GB449 09-17-2013 08:39 PM

Chapter 4 Problem 4.4
 
I have the following questions. I have a few more on using Legendre polynomials but I will read 4.3 first before asking :)

a) what does selecting x_1, x_2, ... x_n independently with P(x) mean? In earlier homework, we selected the points at random from [-1,1] which was clear to me - I used a random function with min = -1 and max = +1 but I am not clear what to do with P(x)

b) y_n is clear since it is f(x_n). Should we generate random numbers for each epsilon_n? If so, what are the min and max values for the random numbers?

Thank you!

magdon 09-19-2013 05:09 AM

Re: Chapter 4 Problem 4.4
 
Quote:

Originally Posted by GB449 (Post 11490)
a) what does selecting x_1, x_2, ... x_n independently with P(x) mean? In earlier homework, we selected the points at random from [-1,1] which was clear to me - I used a random function with min = -1 and max = +1 but I am not clear what to do with P(x)

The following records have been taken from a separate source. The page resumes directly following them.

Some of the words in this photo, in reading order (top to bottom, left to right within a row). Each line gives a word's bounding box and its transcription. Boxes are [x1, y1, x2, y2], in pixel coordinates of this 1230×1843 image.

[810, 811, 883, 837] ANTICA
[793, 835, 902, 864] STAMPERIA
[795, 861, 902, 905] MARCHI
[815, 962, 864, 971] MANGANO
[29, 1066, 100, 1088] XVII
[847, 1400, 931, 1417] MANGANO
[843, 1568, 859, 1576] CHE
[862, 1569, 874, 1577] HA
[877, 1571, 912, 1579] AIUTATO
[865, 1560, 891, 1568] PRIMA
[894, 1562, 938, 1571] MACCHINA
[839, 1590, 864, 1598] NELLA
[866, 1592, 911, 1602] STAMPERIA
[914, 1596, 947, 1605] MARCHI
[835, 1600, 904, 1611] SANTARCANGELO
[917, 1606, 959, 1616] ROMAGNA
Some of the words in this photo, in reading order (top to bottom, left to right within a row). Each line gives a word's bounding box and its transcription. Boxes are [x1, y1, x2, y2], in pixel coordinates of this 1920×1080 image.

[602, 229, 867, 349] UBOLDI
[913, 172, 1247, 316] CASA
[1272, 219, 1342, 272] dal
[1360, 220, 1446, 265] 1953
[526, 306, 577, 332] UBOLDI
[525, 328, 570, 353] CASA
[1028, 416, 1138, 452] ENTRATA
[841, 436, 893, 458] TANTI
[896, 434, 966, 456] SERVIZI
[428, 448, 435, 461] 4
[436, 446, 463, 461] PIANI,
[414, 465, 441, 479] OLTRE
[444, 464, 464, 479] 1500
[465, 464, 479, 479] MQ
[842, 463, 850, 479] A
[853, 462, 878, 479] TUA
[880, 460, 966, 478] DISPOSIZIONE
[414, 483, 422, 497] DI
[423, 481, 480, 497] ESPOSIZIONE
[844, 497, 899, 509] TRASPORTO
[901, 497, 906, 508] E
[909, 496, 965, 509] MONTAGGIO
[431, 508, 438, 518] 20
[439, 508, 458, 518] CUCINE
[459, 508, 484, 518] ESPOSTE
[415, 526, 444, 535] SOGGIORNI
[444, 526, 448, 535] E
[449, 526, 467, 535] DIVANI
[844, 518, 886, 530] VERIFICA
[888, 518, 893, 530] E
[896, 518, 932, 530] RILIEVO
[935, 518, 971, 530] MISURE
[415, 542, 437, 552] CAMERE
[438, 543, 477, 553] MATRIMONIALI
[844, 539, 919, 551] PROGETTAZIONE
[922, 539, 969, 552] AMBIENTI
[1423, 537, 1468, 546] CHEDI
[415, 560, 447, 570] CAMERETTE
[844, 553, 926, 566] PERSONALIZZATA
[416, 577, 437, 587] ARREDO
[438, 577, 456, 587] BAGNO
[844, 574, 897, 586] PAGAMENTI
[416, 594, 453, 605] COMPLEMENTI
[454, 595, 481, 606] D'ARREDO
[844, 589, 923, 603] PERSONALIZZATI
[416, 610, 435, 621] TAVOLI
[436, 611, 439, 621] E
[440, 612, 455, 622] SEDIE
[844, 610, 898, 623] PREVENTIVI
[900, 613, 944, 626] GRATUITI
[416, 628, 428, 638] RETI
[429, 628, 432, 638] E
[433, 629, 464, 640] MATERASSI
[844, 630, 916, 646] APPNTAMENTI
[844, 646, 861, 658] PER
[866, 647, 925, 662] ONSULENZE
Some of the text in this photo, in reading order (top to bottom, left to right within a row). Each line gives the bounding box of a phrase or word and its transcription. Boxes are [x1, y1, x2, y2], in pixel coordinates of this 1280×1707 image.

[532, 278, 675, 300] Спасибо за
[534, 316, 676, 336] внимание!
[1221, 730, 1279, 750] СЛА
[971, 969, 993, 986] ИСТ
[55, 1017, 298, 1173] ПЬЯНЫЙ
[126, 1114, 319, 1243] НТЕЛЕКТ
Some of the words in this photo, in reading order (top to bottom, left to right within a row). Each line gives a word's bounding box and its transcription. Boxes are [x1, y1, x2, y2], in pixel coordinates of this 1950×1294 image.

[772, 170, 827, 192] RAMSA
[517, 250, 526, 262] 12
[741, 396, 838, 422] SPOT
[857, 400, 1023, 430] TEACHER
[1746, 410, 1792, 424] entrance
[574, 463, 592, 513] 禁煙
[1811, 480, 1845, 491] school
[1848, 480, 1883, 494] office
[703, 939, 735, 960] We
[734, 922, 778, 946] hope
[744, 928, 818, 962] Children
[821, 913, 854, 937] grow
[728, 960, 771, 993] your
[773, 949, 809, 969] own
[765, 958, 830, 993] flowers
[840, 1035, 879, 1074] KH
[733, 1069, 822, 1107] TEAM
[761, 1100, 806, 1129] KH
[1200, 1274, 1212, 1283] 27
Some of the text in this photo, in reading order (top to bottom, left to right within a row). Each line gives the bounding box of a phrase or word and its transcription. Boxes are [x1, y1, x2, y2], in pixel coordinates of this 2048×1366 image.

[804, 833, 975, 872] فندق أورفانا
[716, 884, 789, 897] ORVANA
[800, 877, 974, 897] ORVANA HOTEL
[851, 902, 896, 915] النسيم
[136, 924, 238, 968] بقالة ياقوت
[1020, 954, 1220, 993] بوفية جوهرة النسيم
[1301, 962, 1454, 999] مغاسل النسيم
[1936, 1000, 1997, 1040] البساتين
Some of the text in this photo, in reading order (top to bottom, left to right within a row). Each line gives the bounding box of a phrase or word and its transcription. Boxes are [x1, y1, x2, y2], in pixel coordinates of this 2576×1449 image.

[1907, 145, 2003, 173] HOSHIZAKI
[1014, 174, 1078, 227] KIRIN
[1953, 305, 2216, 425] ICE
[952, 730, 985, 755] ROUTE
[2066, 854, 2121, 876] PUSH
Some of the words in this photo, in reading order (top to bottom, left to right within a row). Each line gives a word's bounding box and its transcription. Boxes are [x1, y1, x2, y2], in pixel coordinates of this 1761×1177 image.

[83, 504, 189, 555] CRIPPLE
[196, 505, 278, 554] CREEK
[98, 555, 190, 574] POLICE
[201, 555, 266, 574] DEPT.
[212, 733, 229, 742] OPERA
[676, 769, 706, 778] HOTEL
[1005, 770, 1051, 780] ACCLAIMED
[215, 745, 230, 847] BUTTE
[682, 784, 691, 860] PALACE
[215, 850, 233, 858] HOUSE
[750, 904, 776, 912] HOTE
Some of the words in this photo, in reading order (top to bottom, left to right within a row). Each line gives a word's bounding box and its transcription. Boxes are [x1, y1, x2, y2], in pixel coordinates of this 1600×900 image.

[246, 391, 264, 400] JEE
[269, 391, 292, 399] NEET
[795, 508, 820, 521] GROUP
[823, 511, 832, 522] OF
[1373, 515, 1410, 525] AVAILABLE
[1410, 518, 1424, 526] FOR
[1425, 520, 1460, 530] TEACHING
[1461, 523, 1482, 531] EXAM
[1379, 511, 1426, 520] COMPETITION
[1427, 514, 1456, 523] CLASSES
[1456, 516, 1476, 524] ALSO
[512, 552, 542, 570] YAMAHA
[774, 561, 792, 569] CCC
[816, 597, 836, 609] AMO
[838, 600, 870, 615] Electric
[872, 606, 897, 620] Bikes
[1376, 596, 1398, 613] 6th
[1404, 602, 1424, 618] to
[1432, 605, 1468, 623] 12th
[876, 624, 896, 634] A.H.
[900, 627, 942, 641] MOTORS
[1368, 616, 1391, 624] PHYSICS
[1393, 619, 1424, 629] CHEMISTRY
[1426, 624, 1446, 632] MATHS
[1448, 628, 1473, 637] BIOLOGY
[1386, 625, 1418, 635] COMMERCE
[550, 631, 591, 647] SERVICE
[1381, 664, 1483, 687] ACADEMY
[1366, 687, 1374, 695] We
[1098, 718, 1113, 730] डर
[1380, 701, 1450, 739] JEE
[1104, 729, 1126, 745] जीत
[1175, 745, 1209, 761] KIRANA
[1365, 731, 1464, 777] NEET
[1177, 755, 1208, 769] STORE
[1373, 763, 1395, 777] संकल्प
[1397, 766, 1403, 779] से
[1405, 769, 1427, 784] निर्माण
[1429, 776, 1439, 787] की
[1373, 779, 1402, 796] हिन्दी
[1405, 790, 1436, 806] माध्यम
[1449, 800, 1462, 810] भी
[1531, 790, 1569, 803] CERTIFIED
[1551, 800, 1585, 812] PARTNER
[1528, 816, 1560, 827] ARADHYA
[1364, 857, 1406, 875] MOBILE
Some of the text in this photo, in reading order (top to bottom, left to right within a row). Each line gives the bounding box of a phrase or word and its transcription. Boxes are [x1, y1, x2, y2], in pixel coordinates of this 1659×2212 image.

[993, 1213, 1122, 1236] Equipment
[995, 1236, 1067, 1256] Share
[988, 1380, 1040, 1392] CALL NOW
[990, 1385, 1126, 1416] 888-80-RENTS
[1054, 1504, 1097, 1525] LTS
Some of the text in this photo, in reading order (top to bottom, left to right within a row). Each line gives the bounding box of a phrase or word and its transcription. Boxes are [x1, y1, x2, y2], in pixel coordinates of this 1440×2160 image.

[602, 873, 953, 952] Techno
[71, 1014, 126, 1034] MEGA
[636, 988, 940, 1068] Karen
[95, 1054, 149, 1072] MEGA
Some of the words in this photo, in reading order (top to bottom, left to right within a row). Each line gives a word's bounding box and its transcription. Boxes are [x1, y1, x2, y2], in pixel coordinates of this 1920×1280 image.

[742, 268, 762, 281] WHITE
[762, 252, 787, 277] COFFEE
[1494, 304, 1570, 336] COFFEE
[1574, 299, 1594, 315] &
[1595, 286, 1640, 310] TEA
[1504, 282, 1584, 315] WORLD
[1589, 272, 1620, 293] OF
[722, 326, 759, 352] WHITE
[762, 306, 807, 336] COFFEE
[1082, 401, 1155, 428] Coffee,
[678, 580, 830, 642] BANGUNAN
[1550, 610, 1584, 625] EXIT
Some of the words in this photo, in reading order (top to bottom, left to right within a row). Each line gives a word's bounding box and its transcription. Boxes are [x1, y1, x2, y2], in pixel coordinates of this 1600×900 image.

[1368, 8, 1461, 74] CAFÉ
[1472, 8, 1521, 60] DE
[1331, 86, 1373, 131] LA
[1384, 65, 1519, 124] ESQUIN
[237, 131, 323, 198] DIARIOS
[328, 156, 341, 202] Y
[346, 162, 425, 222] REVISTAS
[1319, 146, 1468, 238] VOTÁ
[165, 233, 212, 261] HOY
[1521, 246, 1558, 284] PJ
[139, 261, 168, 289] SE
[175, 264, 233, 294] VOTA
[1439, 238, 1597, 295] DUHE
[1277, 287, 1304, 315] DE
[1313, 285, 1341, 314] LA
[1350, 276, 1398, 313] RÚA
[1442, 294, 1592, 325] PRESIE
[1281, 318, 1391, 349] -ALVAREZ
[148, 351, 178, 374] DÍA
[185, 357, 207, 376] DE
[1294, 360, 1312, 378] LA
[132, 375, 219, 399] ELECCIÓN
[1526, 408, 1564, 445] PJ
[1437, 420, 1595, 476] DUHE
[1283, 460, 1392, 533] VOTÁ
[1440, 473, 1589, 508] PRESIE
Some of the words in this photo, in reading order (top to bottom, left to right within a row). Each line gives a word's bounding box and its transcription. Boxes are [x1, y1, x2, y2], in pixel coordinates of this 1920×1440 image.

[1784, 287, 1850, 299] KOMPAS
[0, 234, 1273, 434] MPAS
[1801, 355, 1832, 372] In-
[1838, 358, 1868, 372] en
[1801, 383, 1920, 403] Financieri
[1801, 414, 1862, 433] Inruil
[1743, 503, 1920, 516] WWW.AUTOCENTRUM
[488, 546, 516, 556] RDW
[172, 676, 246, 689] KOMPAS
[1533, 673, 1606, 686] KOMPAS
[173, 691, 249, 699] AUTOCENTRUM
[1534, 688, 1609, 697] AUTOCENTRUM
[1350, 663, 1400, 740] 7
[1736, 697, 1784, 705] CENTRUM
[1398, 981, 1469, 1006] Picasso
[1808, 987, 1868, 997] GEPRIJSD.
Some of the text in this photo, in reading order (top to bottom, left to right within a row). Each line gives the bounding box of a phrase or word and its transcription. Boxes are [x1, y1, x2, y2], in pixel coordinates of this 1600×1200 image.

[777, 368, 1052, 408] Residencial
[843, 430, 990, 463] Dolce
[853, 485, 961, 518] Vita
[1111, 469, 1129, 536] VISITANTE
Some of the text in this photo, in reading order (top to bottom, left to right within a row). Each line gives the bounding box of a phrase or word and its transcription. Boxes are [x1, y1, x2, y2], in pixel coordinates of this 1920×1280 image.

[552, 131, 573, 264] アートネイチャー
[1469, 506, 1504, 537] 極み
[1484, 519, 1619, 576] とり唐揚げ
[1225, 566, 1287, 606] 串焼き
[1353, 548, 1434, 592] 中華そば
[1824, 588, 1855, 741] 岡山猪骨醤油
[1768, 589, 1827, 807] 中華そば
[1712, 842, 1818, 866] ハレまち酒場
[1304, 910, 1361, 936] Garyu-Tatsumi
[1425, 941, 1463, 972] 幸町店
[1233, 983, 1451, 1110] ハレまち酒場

In this problem P(x) is the uniform probability distribution on [-1,+1] and so what you did in the earlier homework is exactly what this means -- generate a random number between -1 and +1. In general, the way to generate x may not be uniformly random over [-1,+1]. It is P(\mathbf{x}) that specifies the input probability distribution. For example, if P(x) is the Gaussian distribution with mean 0 and variance 1, then you would generate each x_n from that Gaussian distribution.

Quote:

b) y_n is clear since it is f(x_n). Should we generate random numbers for each \epsilon_n? If so, what are the min and max values for the random numbers?
Note y_n=f(\mathbf{x}_n)+\sigma\epsilon_n. Each \epsilon_n should be an independent Gaussian random number with mean 0 and variance 1 (you then multiply this random number by \sigma).

GB449 09-21-2013 01:24 AM

Re: Chapter 4 Problem 4.4
 
Thank you for the reply! How can I generate Gaussian random numbers with mean 0 and variance 1? I am programming in C#.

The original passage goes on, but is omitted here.